Recipe
Vision models primer
Meridian routes vision-capable requests to the cheapest model that satisfies your accuracy floor. This recipe walks through sending an image plus a prompt, picking a model tier, and handling streamed multimodal output without lock-in to any single provider.
1. Pick a vision tier
Meridian exposes three vision tiers: azure/gpt-4o-mini for OCR and simple captions, azure/gpt-4o for charts and diagrams, and azure/model-router when you want the gateway to choose adaptively per request. Tier choice is one string change, not a code rewrite.
2. Send an image plus prompt
The SDK accepts either a remote URL or a base64 data URI. Remote URLs are fetched server-side by the gateway and never billed as egress to your account.

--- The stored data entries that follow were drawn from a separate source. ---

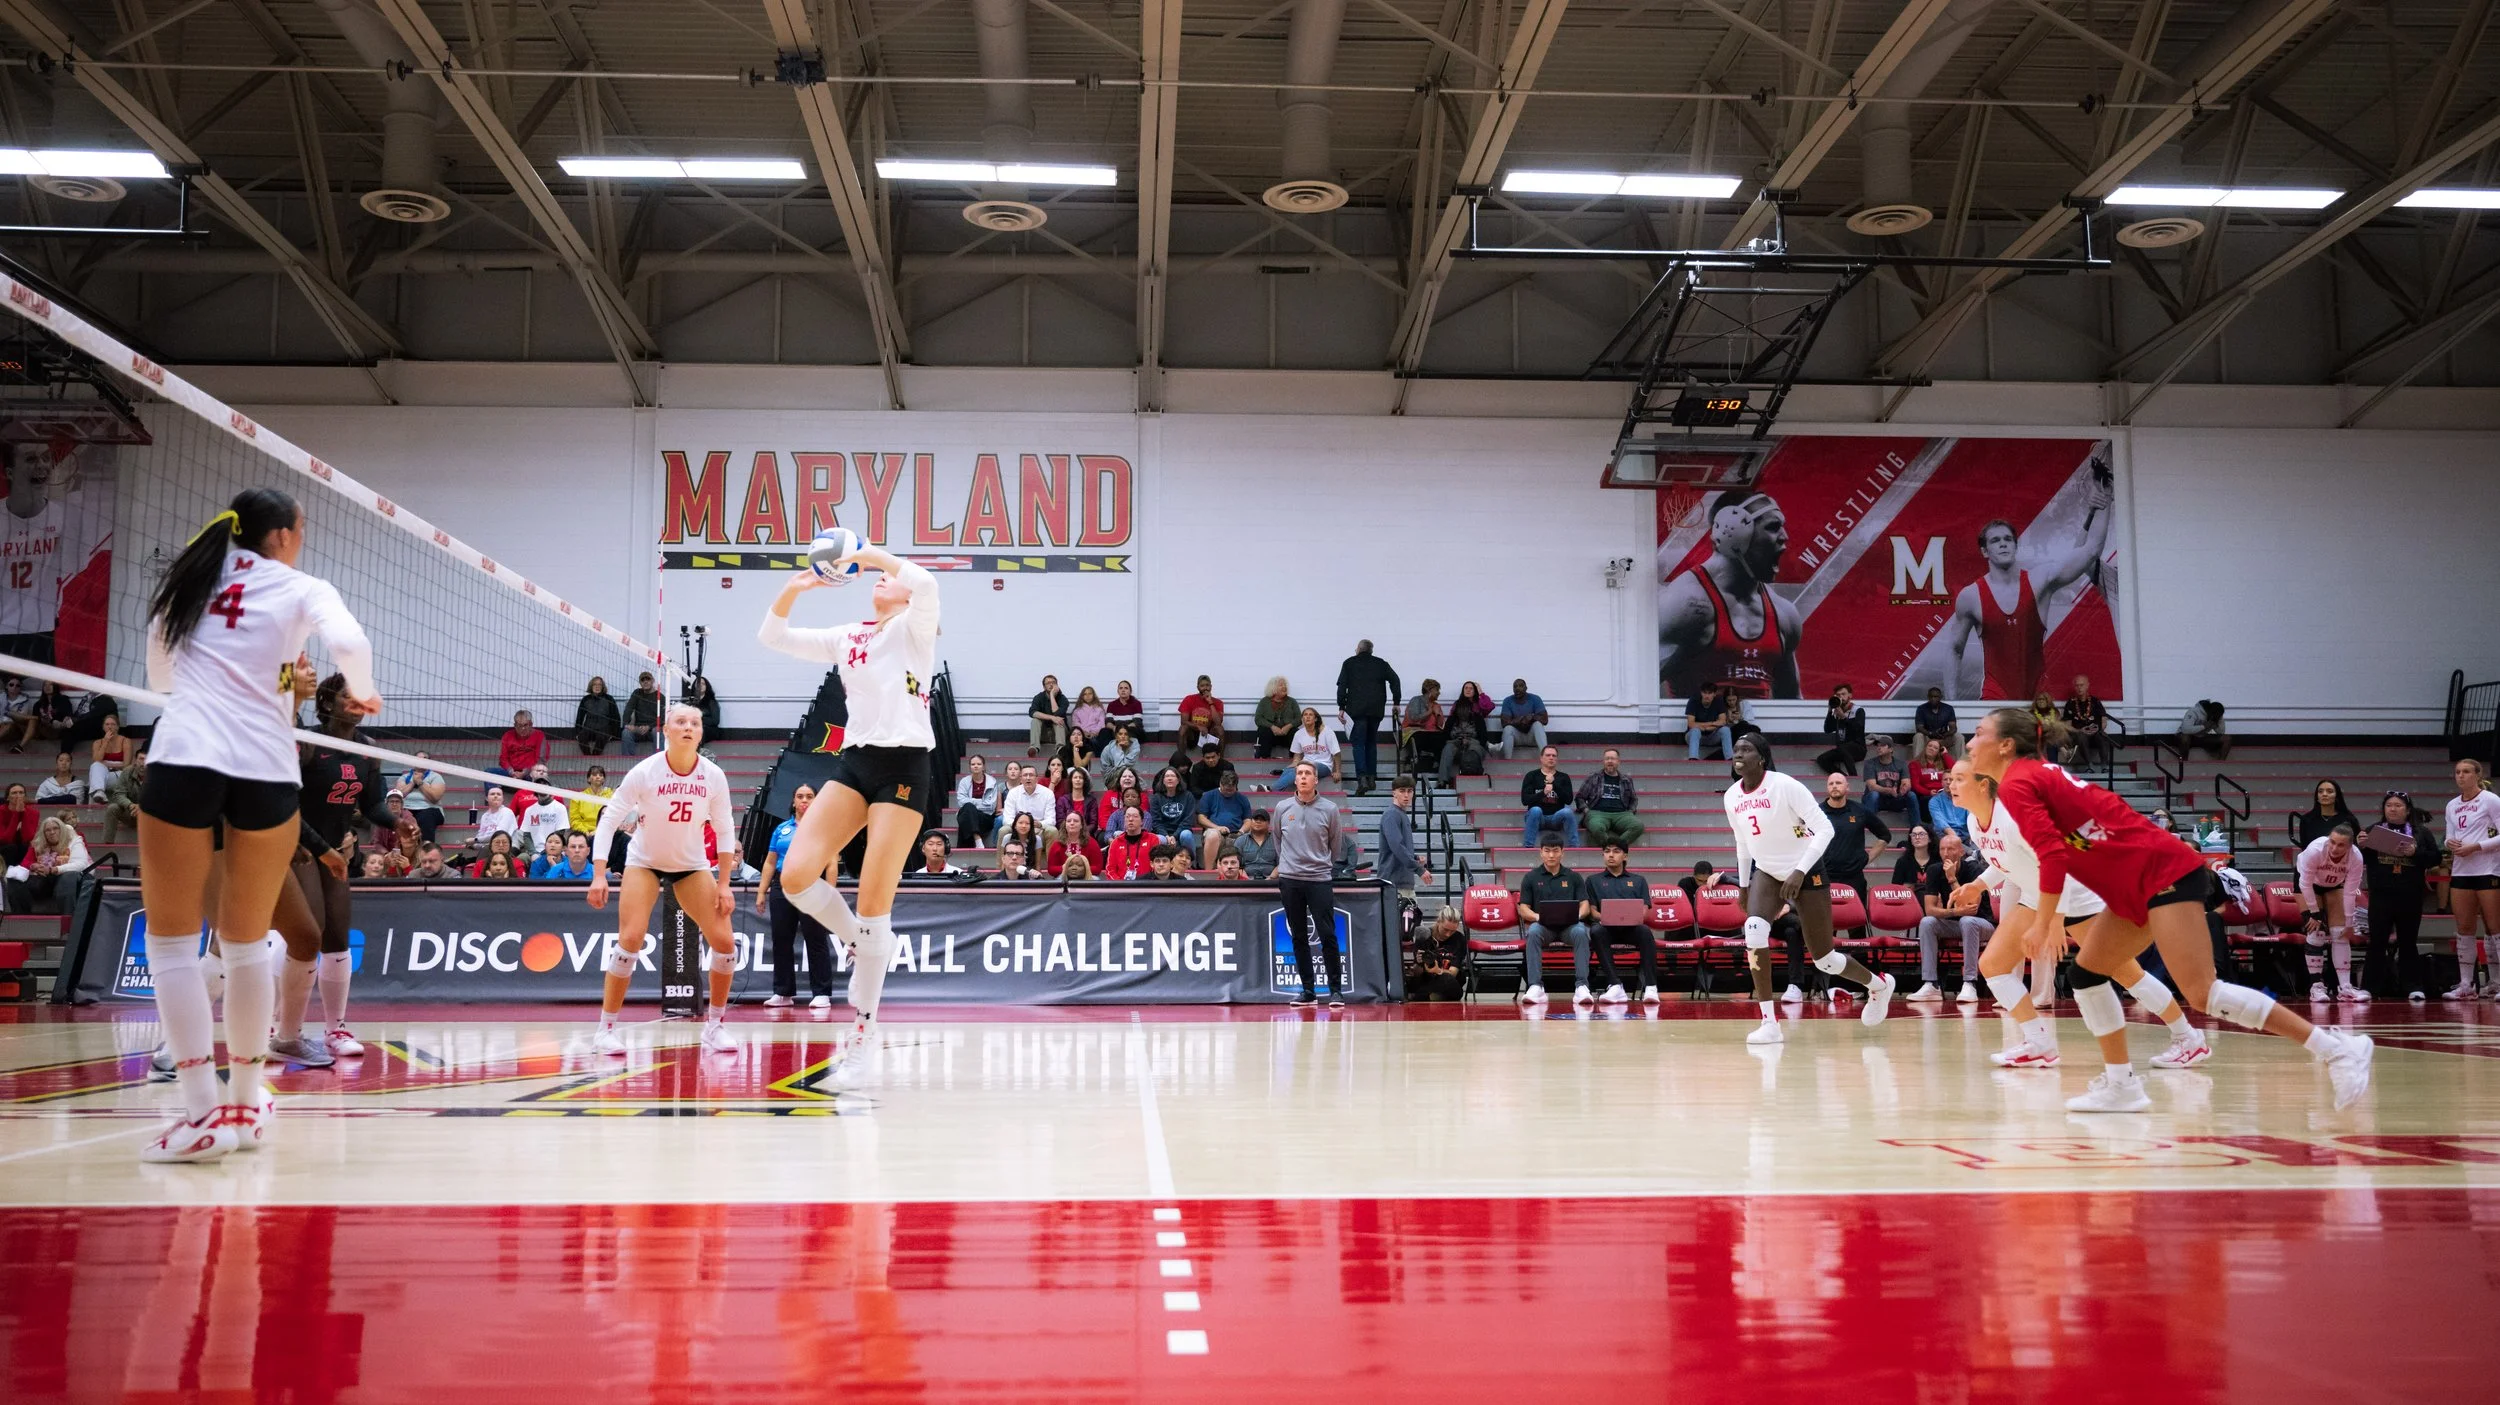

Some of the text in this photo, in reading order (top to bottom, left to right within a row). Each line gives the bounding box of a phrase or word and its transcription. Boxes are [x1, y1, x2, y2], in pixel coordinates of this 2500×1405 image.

[1706, 400, 1741, 409] 1:30
[658, 451, 1133, 547] MARYLAND
[1799, 451, 1906, 569] WRESTLING
[10, 561, 33, 589] 12
[1889, 536, 1949, 596] M
[208, 583, 245, 629] 4
[1877, 614, 1944, 690] MARYLAND
[341, 764, 357, 780] R
[327, 781, 363, 804] 22
[657, 783, 706, 797] MARYLAND
[668, 801, 693, 822] 26
[1734, 798, 1771, 814] MARYLAND
[1748, 815, 1761, 835] 3
[2325, 875, 2338, 884] 10
[1470, 889, 1508, 899] MARYLAND
[1650, 889, 1682, 898] ARYLAND
[1702, 889, 1740, 899] MARYLAND
[1874, 890, 1912, 899] MARYLAND
[675, 909, 685, 973] sports imports
[983, 932, 1238, 973] CHALLENGE
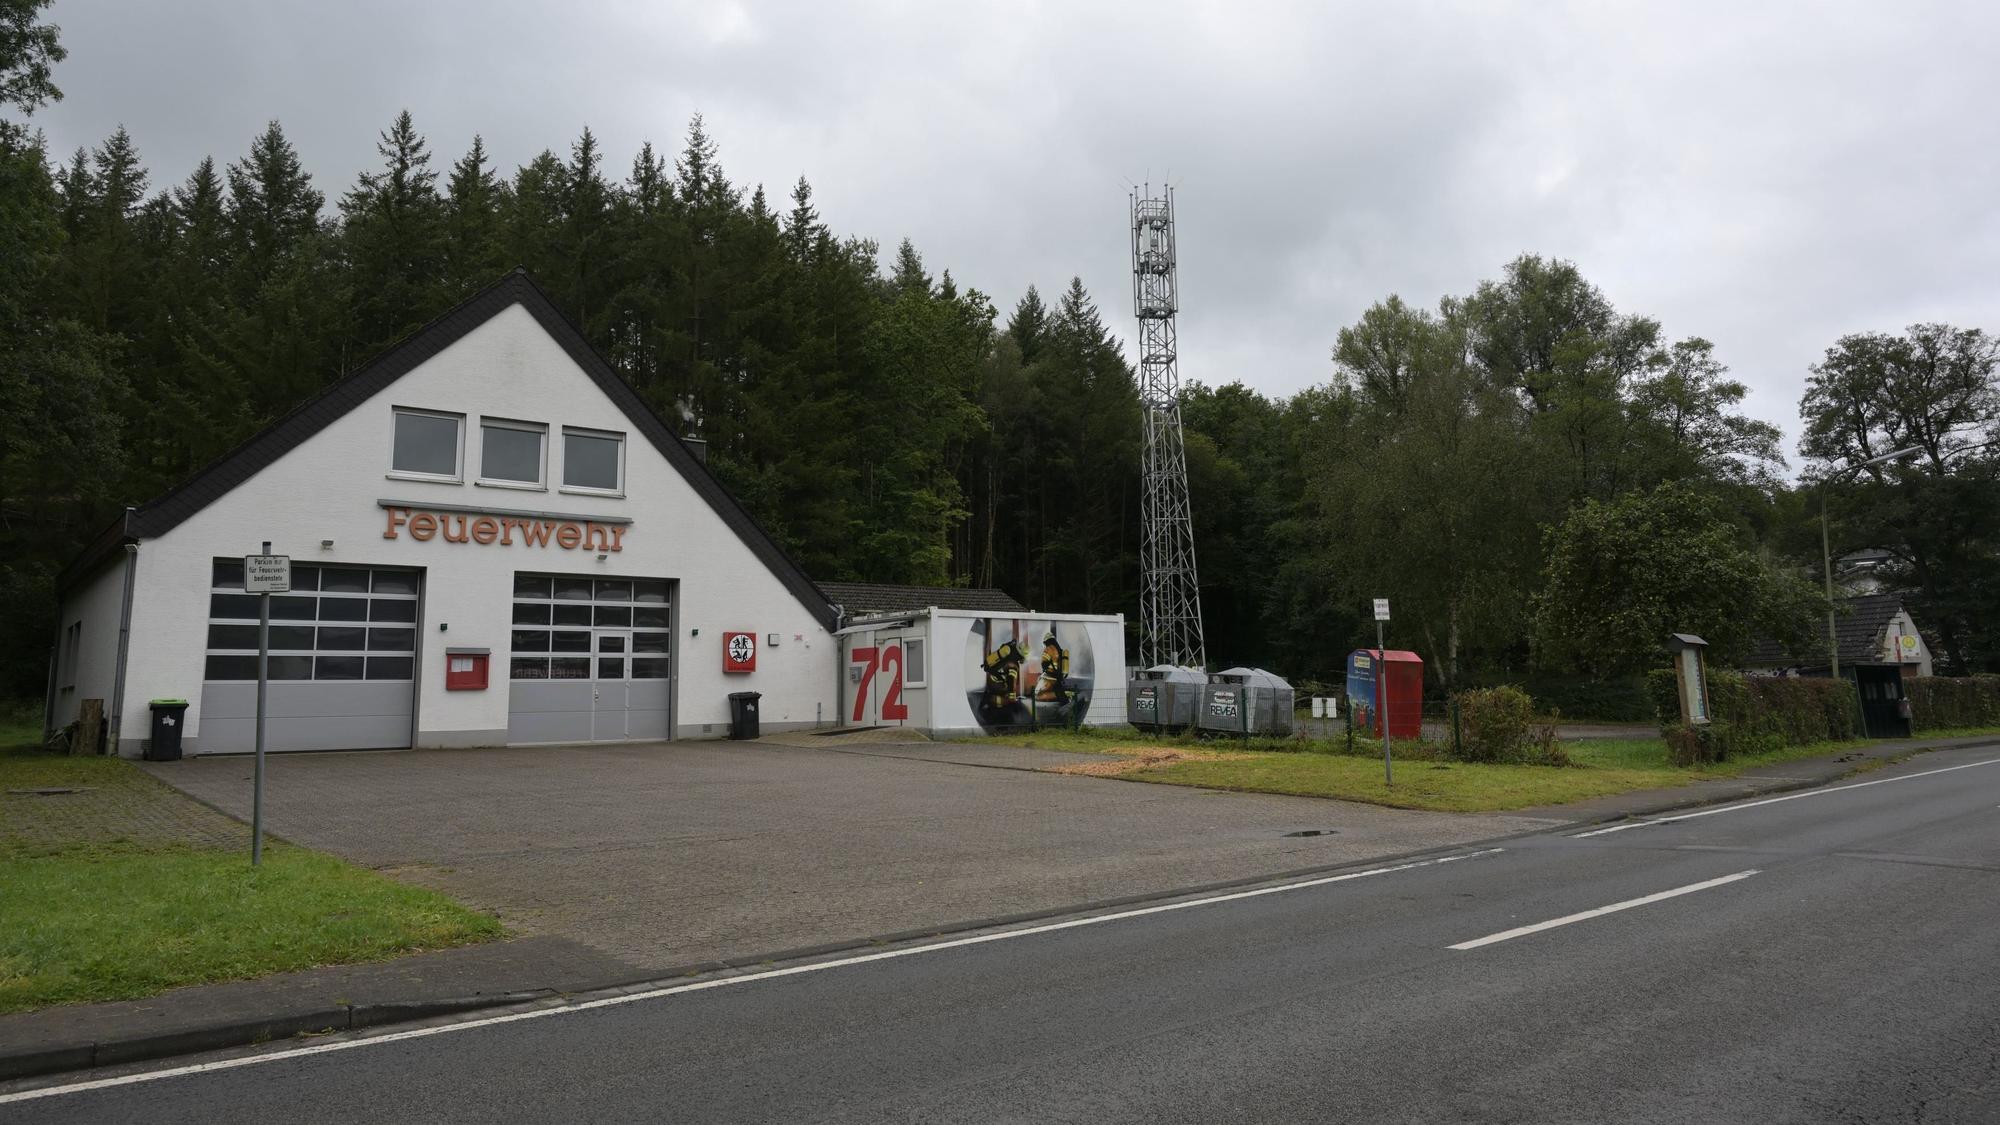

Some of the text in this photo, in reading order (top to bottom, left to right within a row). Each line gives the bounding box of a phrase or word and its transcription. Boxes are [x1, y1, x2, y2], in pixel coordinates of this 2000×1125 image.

[383, 507, 626, 552] Feuerwehr
[852, 646, 908, 721] 72
[1210, 705, 1237, 717] REVEA

import { Meridian } from '@meridian/sdk';
const meridian = new Meridian({ apiKey: process.env.MERIDIAN_KEY });
const response = await meridian.chat.completions.create({
model: 'azure/gpt-4o',
messages: [
{
role: 'user',
content: [
{ type: 'text', text: 'Describe this chart in detail.' },
{
type: 'image_url',
image_url: { url: 'https://example.com/q4-revenue.png' },
},
],
},
],
max_tokens: 1024,
});
console.log(response.choices[0].message.content);3. Cost and latency
Vision tokens are billed at the same per-token rate as text. A 720p image costs roughly 1,100 input tokens on the gpt-4o family. Median latency through the Meridian gateway is under 2.4s for a single-image prompt with a 1k output cap. Add a 20% markup over raw Azure pricing to estimate your bill.